[Data records]

┌────────

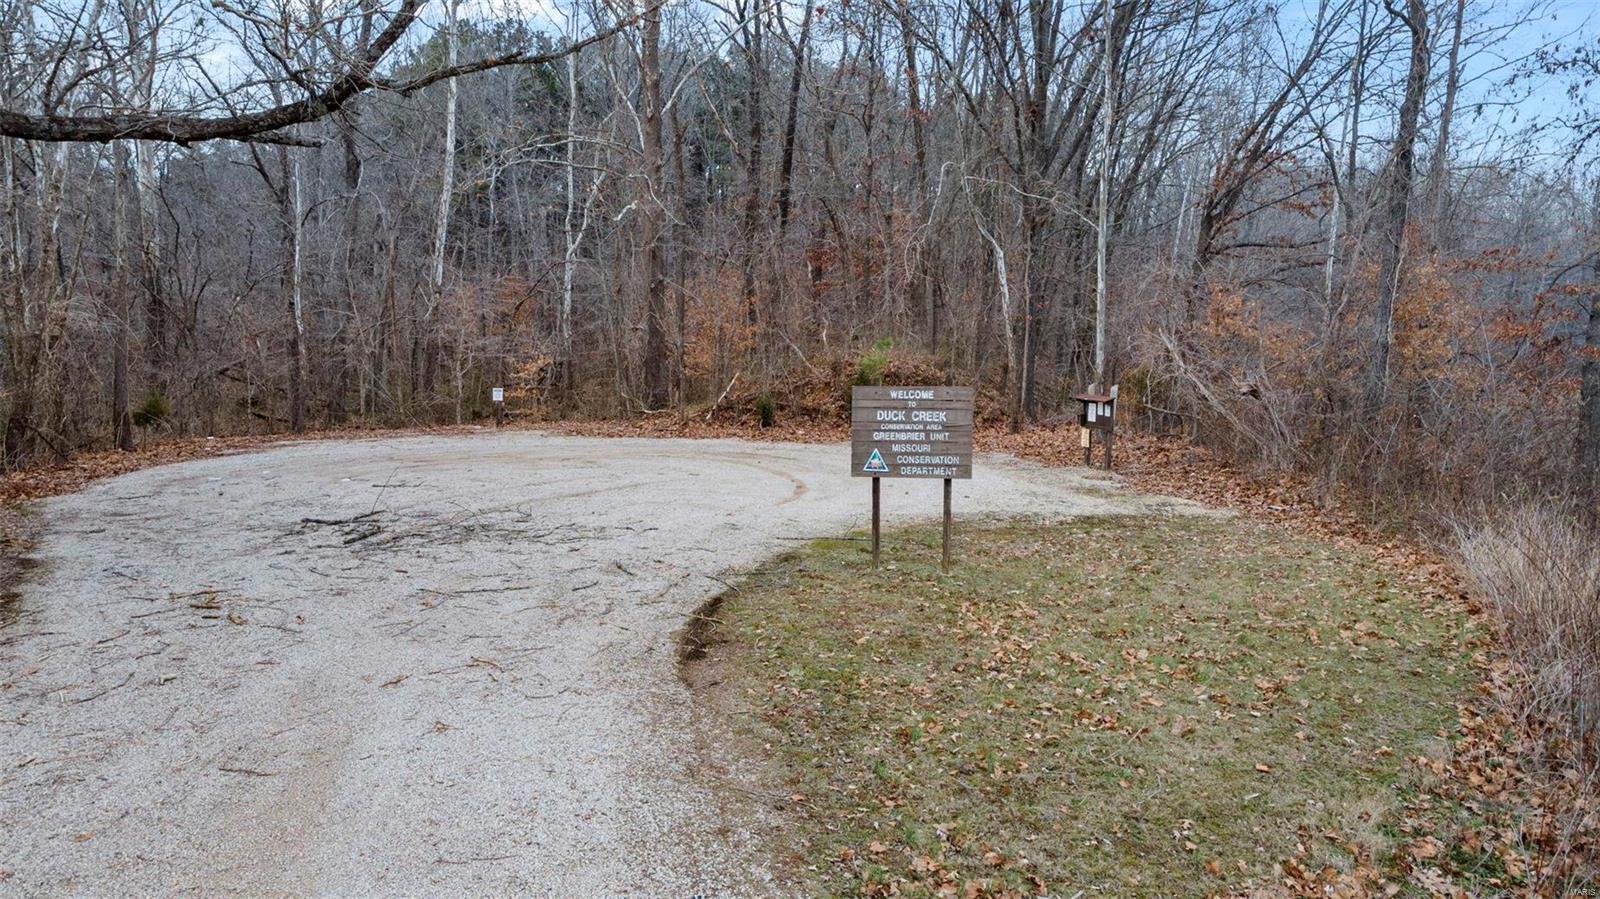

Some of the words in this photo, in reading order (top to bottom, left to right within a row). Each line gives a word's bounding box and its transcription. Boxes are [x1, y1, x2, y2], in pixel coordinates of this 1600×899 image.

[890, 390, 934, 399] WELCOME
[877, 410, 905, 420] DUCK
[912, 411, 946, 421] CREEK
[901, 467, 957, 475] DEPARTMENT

└────────

What this task involves:
Return each line above word for word. Skip the pictures.

Result of this task:
Some of the words in this photo, in reading order (top to bottom, left to right within a row). Each line gives a word's bounding box and its transcription. Boxes are [x1, y1, x2, y2], in pixel coordinates of this 1600×899 image.

[890, 390, 934, 399] WELCOME
[877, 410, 905, 420] DUCK
[912, 411, 946, 421] CREEK
[901, 467, 957, 475] DEPARTMENT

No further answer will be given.